中部大学,長浜バイオ大学,鹿児島大学らは,計算科学と分子生物学的手法を駆使し,世界で初めて白亜紀の最初のホタルの発光の再現に成功した(ニューリリース)。
ホタルの仲間(ホタル科)は,世界に約2000種が知られており,その発光の色も緑色から黄緑色,黄色,オレンジ色と,種によって異なる。ホタル科の昆虫は,約1億年前ころに地球上に現れ,そのときにはすでに発光する能力を持っていたと考えられているが,当時どのような発光色で発光していたのかはわからなかった。

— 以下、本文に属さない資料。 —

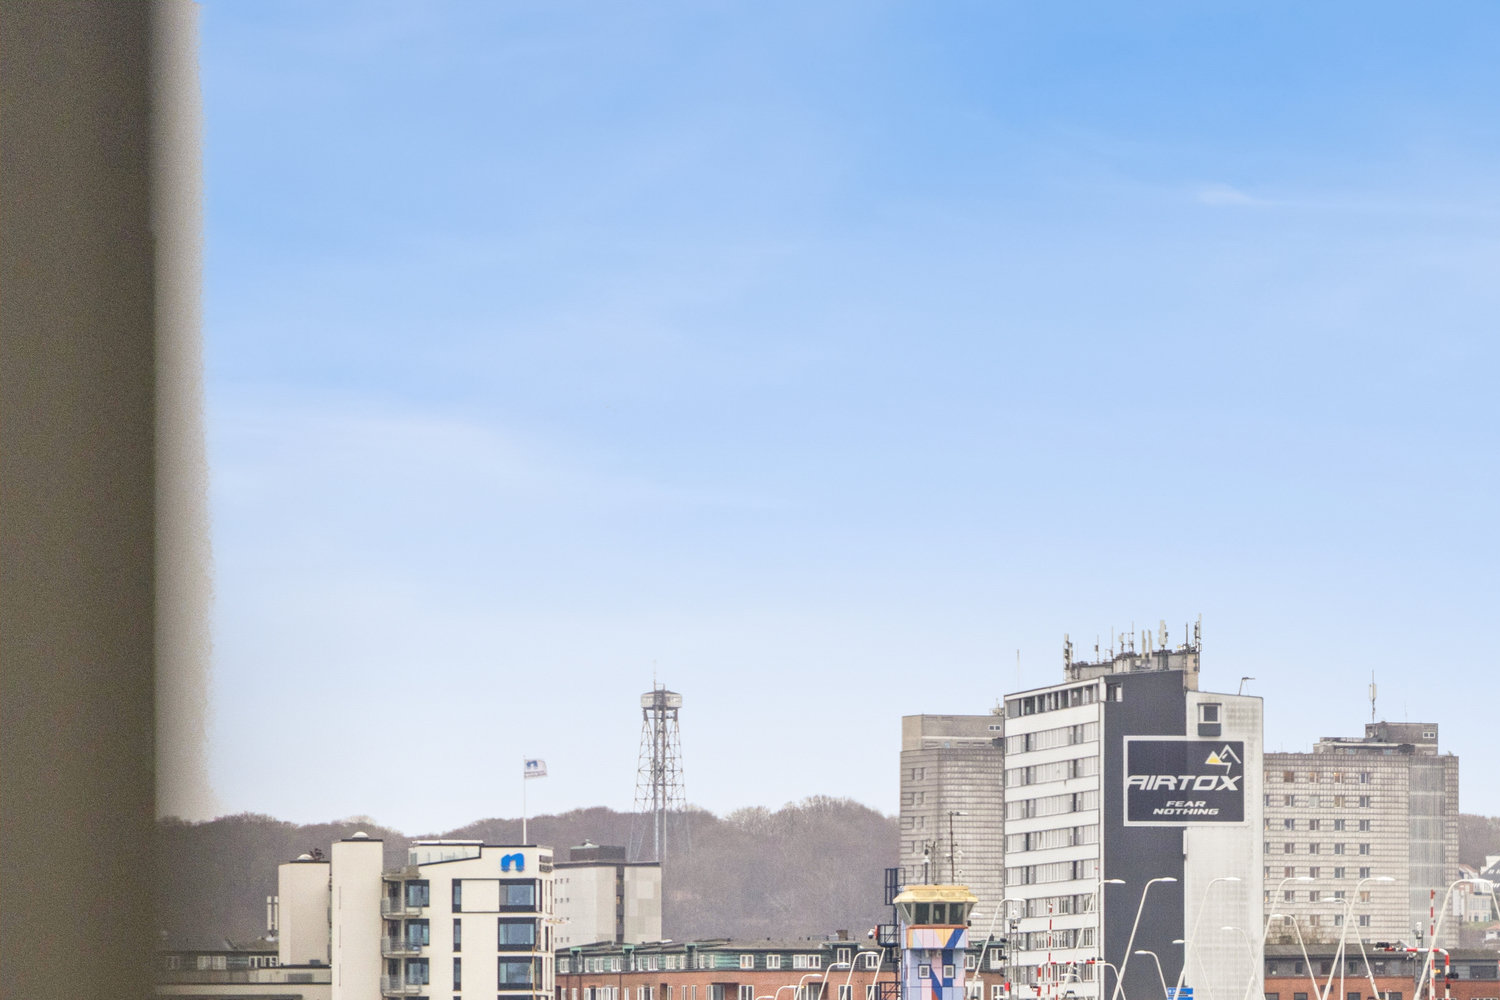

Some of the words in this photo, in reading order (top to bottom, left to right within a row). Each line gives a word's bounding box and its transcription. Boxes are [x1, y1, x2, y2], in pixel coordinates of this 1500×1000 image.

研究グループは,「祖先配列復元」という推論的解析に基づいて過去の遺伝子を復元する手法に着目した。進化生物学では以前から使われている方法で,これまでにも古代のヘモグロビンやホルモン受容体などのタンパク質が復元されている。しかし,これまでの祖先配列復元では,直接目で見えるような現象が復元されたことはなかった。
ホタルの発光は,「ホタルルシフェラーゼ」という発光酵素による「ホタルルシフェリン」という化学物質の酸化反応による。このとき,ホタルルシフェリンはホタルの種すべてに共通の物質なので,発光の色はルシフェラーゼのアミノ酸配列の違いによって決まることがわかっていた。
また,ホタルルシフェラーゼは,バイオテクノロジーや基礎医学で有用なツールとして使われている。そのため,これまでにいろいろな種のホタルのルシフェラーゼ遺伝子が調べられており,正確な祖先配列復元に用いるための遺伝子情報量がとりわけ整っていた。
復元されたホタルの最初の祖先が持っていたルシフェラーゼ配列を復元し,配列情報に基づきルシフェラーゼタンパク質を作製した。これにホタルルシフェリンを加えたところ,深い緑色の強い発光が観測された。さらに,最初のホタルが出現するより以前の配列を復元したところ,発光は非常に弱く,発光色は赤色だった。また,最初のホタルが出現した以降の様々な時代のホタルルシフェラーゼを復元したところ,深い緑から黄色まではば広い発光色が確認された。
すなわち,「ホタルの仲間は,弱く赤い光を持った祖先の昆虫から進化し,最初に現れたホタルは深い緑色に光っていた。その後,進化の過程で種が分かれて行く中で少しずつ発光色の異なるホタルが現れてきた」という一連の進化のシナリオが明らかになった。さらに,復元されたルシフェラーゼのX線結晶解析を行なったところ,古代のルシフェラーゼがどのような構造的メカニズムで緑色に光っていたのかも明らかになった。
研究グループは,今回の研究が「古代のワンシーンを蘇らせることを実験的に可能であることを示した」点に意義があるとしている。